Post by bystander » Sat Apr 22, 2017 7:59 pm

Active Cryovolcanism on Europa?
astrobites | 2017 Apr 20
Joseph Schmitt wrote:
Europa, one of Jupiter’s Galilean moons, is one of the most exciting places in the search for alien life in our solar system, rivaling both Mars and Saturn’s moon Enceladus. Underneath a 15-25 km surface layer of ice, Europa very likely has a thick (~100 km) ocean of salty water with a rocky seafloor. Chemical reactions on the icy surface caused by high-energy particles from Jupiter’s radiation belts could provide some of the essential ingredients for life, but only if this material could somehow reach the liquid water beneath it. These geological properties make Europa a prime candidate for potential alien life. ...
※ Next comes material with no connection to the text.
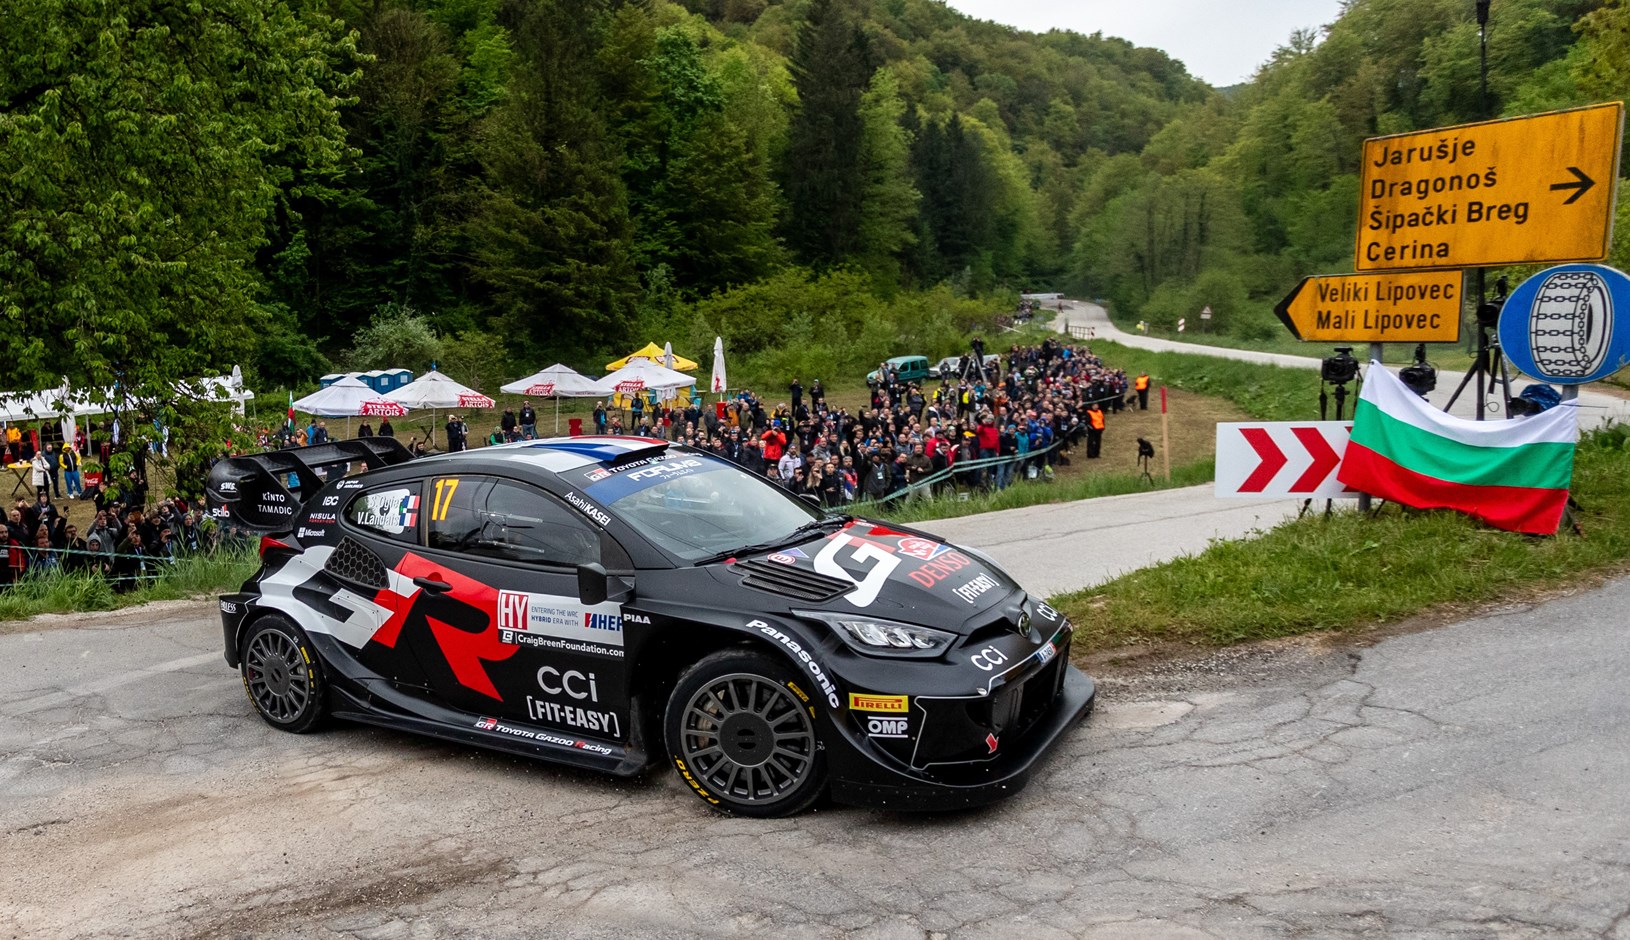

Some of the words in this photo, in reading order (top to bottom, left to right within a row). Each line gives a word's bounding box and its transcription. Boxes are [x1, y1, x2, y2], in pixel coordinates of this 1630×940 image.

The authors of the article in today’s Astrobite did follow-up Hubble observations in early 2016. They also observed a potential plume of water vapor in the same location as the previous observations, although they were still unable to definitively confirm it. There are two popularly supported mechanisms for creating these plumes: an explosion of dissolved gases in a pressurized liquid after the outside pressure has been removed and the expansion of ice when a trapped body of water freezes that then breaks out of its enclosure. ...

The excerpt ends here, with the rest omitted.